(Data records):

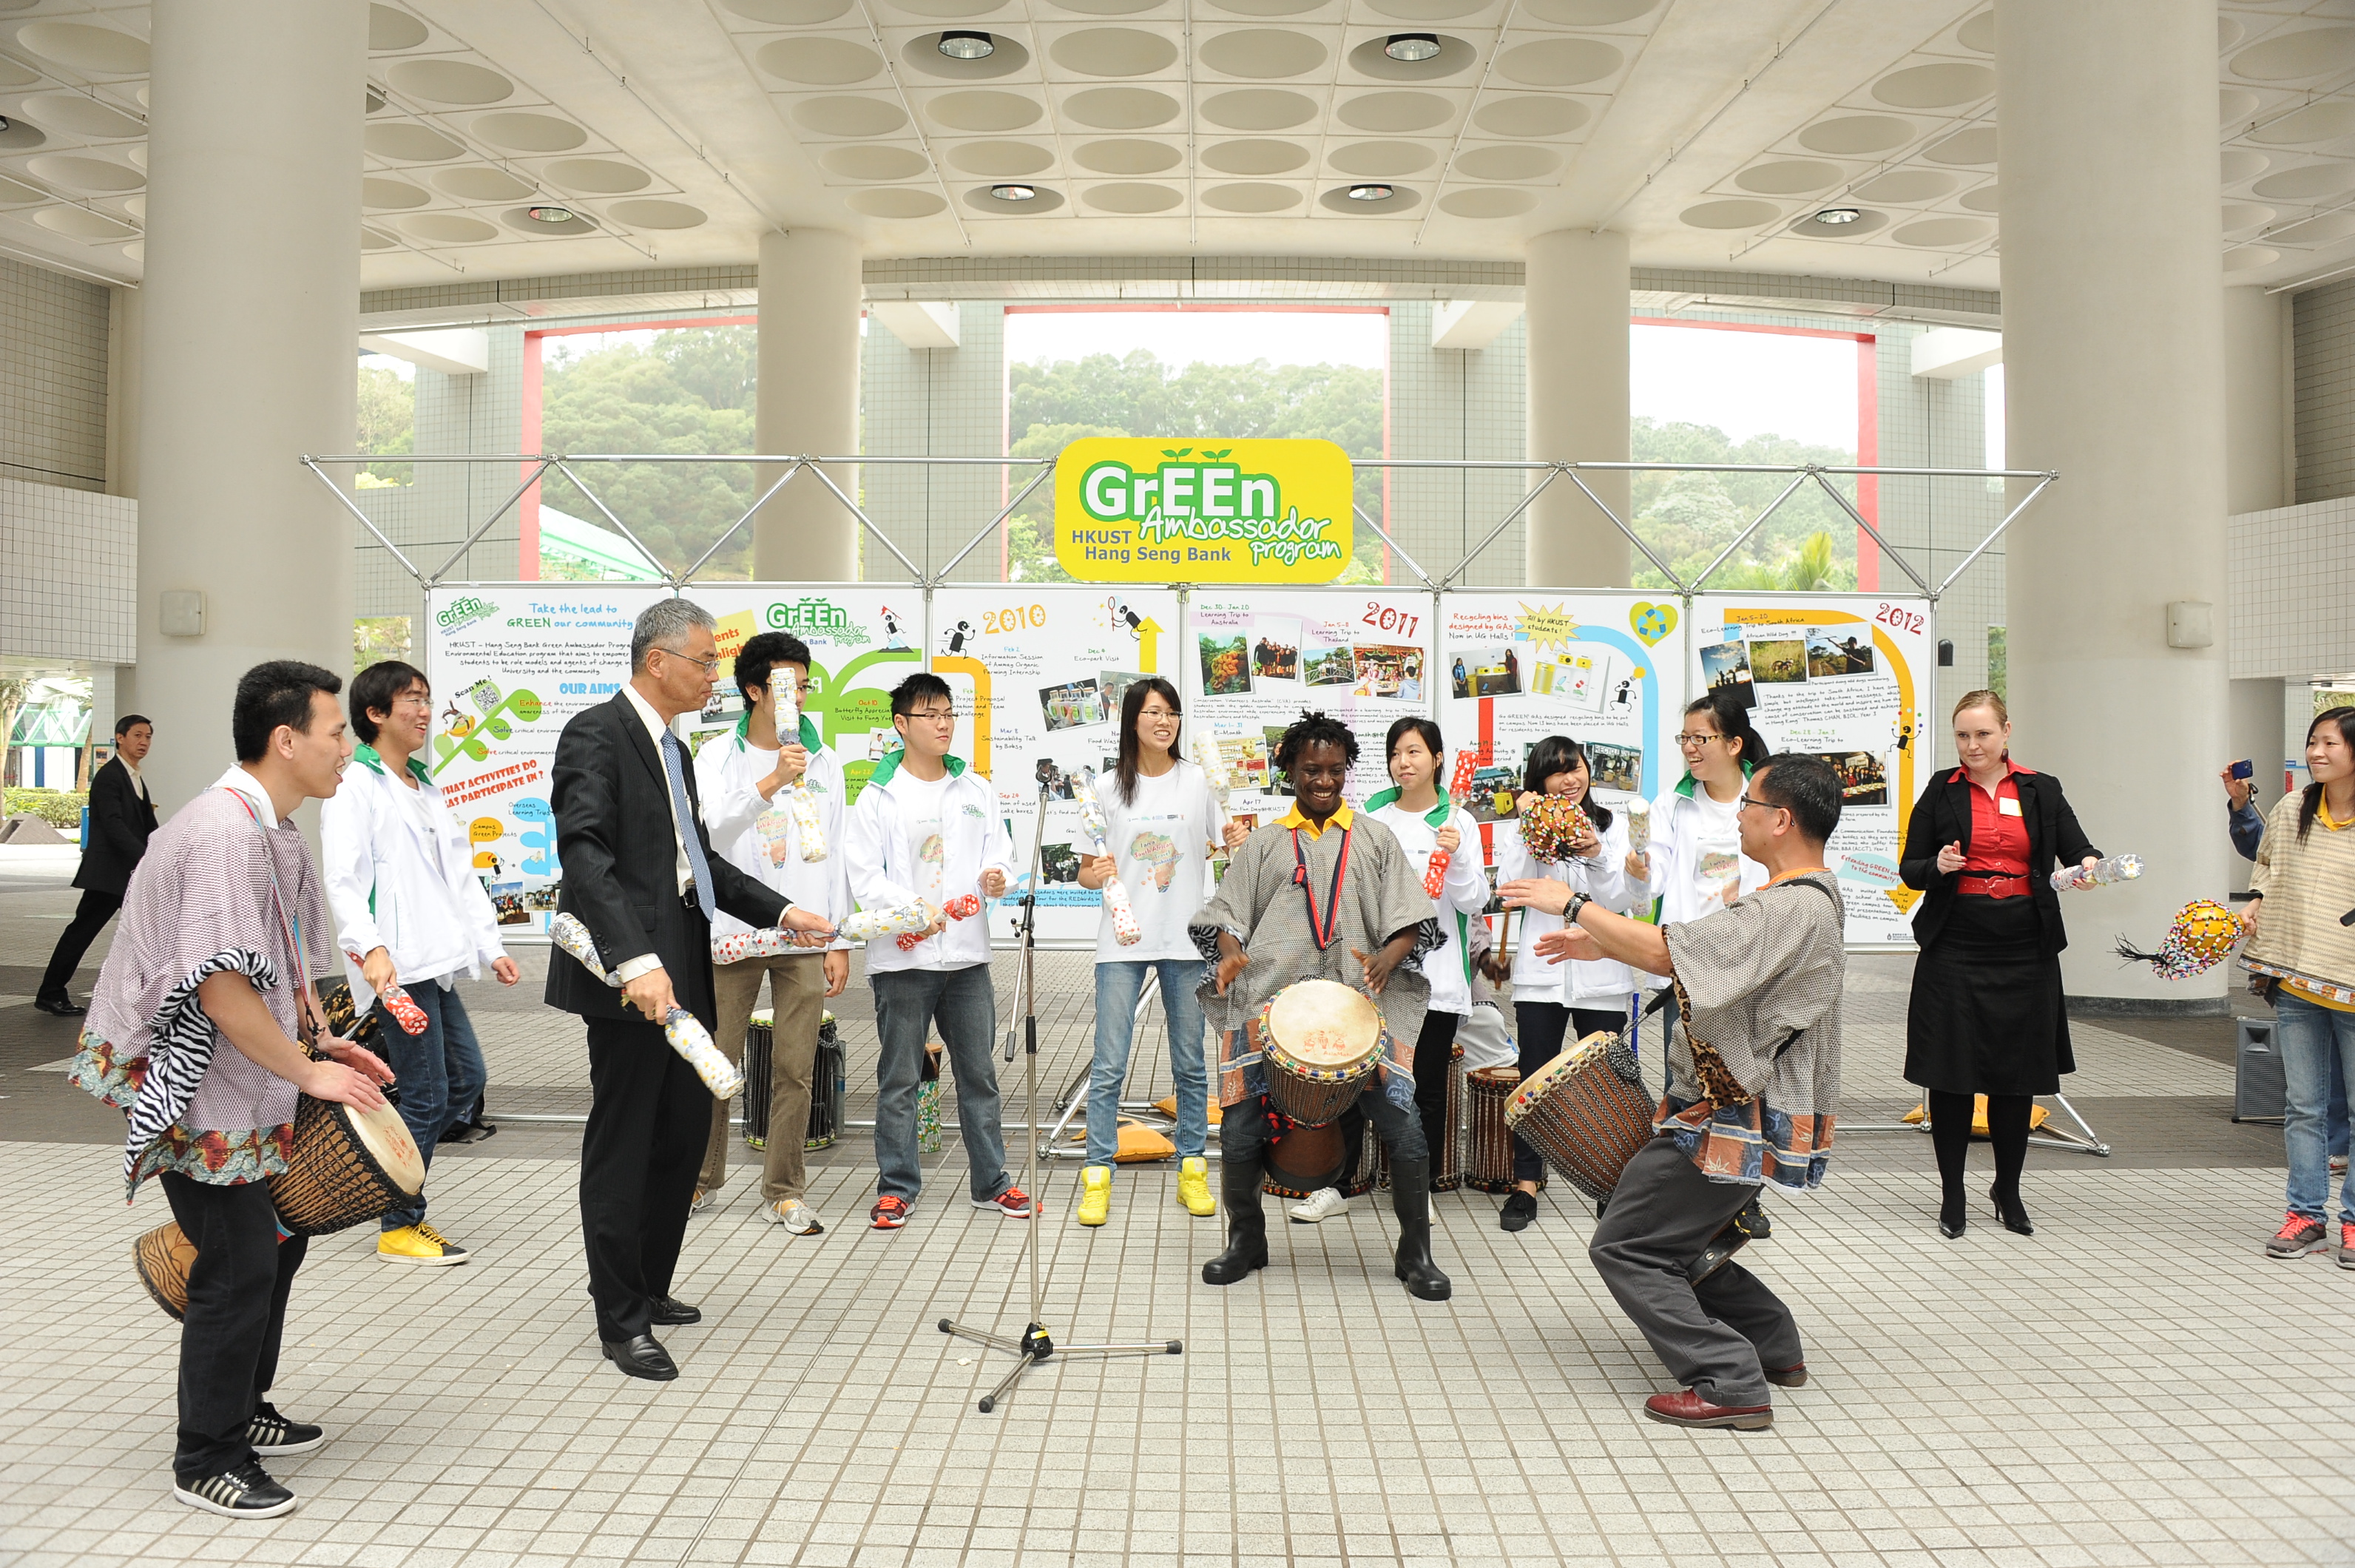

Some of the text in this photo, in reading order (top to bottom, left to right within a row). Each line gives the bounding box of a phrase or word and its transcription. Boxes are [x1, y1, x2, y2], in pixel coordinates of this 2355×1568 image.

[1081, 463, 1280, 520] GrEEn
[1140, 506, 1331, 544] Ambassador
[1072, 530, 1132, 544] HKUST
[1085, 546, 1231, 564] Hang Seng Bank
[1250, 540, 1342, 566] program
[529, 603, 617, 614] Take the lead to
[767, 604, 846, 629] GrEEn
[507, 617, 551, 628] GREEN
[575, 619, 633, 629] community
[983, 604, 1046, 635] 2010
[1362, 601, 1419, 638] 2011
[1453, 613, 1491, 622] Recycling
[1875, 603, 1925, 635] 2012
[790, 621, 867, 638] Ambassador
[1449, 623, 1483, 631] designed
[1484, 623, 1493, 631] by
[1701, 625, 1743, 634] Eco-Learning
[485, 641, 502, 649] Hang
[504, 641, 522, 649] Seng
[608, 641, 631, 649] Progra
[834, 635, 871, 646] program
[599, 659, 622, 667] change
[455, 678, 487, 698] Scan Me
[559, 683, 621, 695] OUR AIMS
[477, 747, 497, 755] Solve
[468, 764, 521, 788] ACTIVITIES
[521, 760, 537, 771] DO
[460, 772, 538, 803] PARTICIPATE IN
[1134, 842, 1173, 857] South African
[1841, 855, 1890, 873] Extending GREEN
[1868, 871, 1896, 883] community

(What you need to do): In your copy, restate the data above word for word but leave out any picture.

(Response area):
Some of the text in this photo, in reading order (top to bottom, left to right within a row). Each line gives the bounding box of a phrase or word and its transcription. Boxes are [x1, y1, x2, y2], in pixel coordinates of this 2355×1568 image.

[1081, 463, 1280, 520] GrEEn
[1140, 506, 1331, 544] Ambassador
[1072, 530, 1132, 544] HKUST
[1085, 546, 1231, 564] Hang Seng Bank
[1250, 540, 1342, 566] program
[529, 603, 617, 614] Take the lead to
[767, 604, 846, 629] GrEEn
[507, 617, 551, 628] GREEN
[575, 619, 633, 629] community
[983, 604, 1046, 635] 2010
[1362, 601, 1419, 638] 2011
[1453, 613, 1491, 622] Recycling
[1875, 603, 1925, 635] 2012
[790, 621, 867, 638] Ambassador
[1449, 623, 1483, 631] designed
[1484, 623, 1493, 631] by
[1701, 625, 1743, 634] Eco-Learning
[485, 641, 502, 649] Hang
[504, 641, 522, 649] Seng
[608, 641, 631, 649] Progra
[834, 635, 871, 646] program
[599, 659, 622, 667] change
[455, 678, 487, 698] Scan Me
[559, 683, 621, 695] OUR AIMS
[477, 747, 497, 755] Solve
[468, 764, 521, 788] ACTIVITIES
[521, 760, 537, 771] DO
[460, 772, 538, 803] PARTICIPATE IN
[1134, 842, 1173, 857] South African
[1841, 855, 1890, 873] Extending GREEN
[1868, 871, 1896, 883] community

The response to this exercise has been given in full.